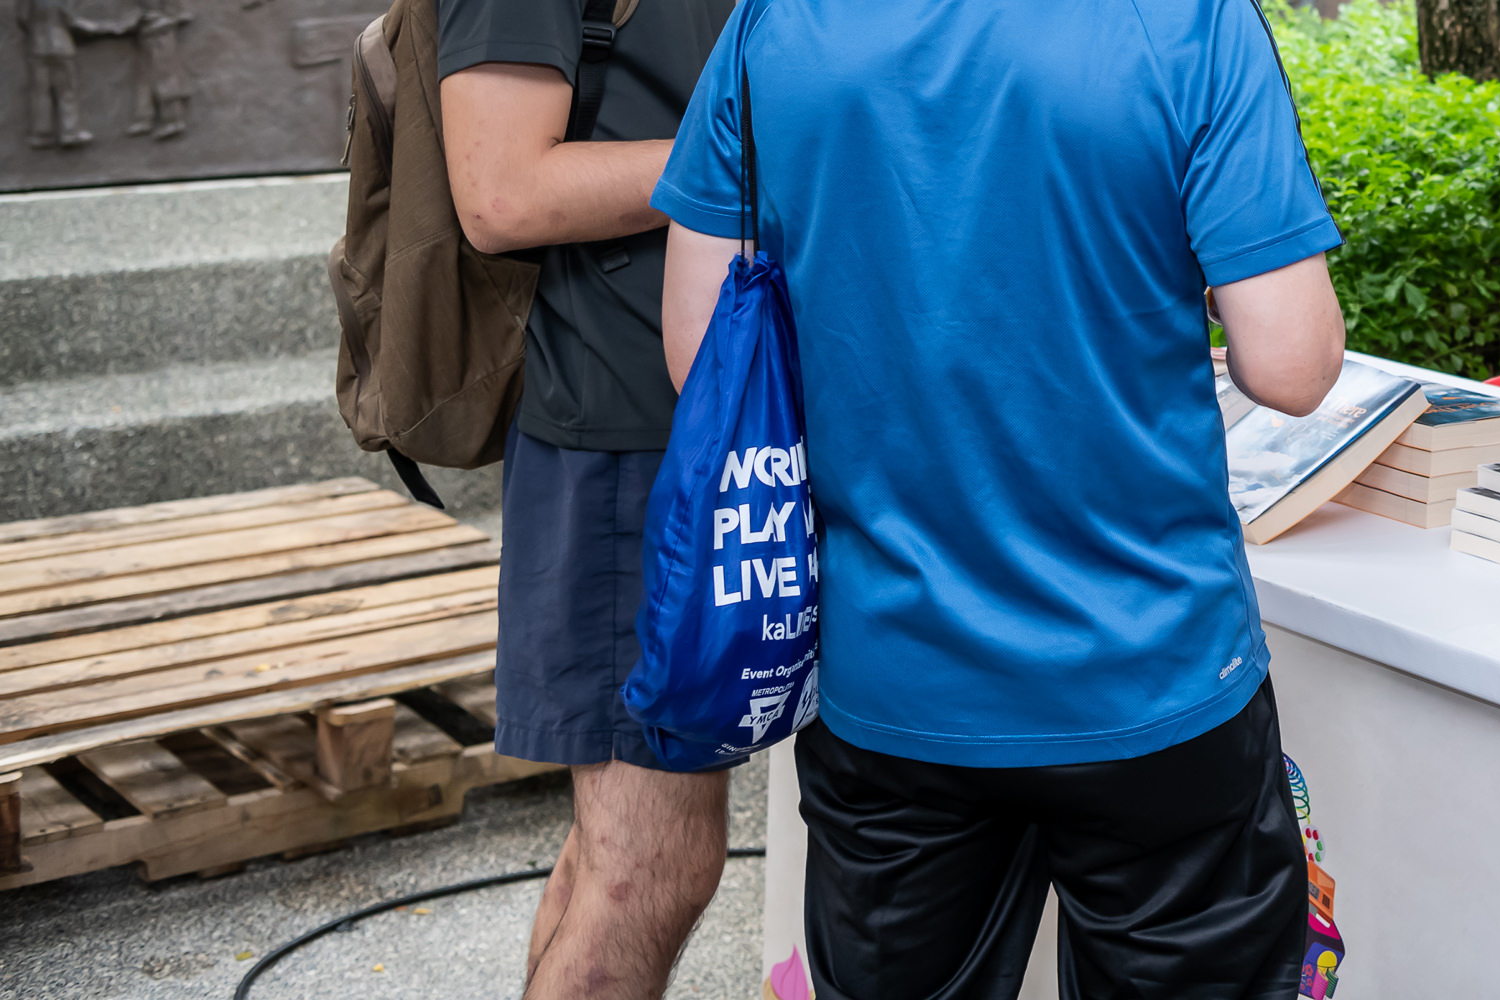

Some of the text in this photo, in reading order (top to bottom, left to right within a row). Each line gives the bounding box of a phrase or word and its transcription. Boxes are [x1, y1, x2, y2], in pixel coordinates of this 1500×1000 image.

[713, 501, 797, 550] PLAY
[713, 556, 800, 607] LIVE
[741, 667, 774, 680] Event
[749, 708, 781, 725] YMCA

* * * *

#### WORK INSTRUCTION
Would you return the material above exactly, apart from its pictures?

#### TASK OUTPUT
Some of the text in this photo, in reading order (top to bottom, left to right within a row). Each line gives the bounding box of a phrase or word and its transcription. Boxes are [x1, y1, x2, y2], in pixel coordinates of this 1500×1000 image.

[713, 501, 797, 550] PLAY
[713, 556, 800, 607] LIVE
[741, 667, 774, 680] Event
[749, 708, 781, 725] YMCA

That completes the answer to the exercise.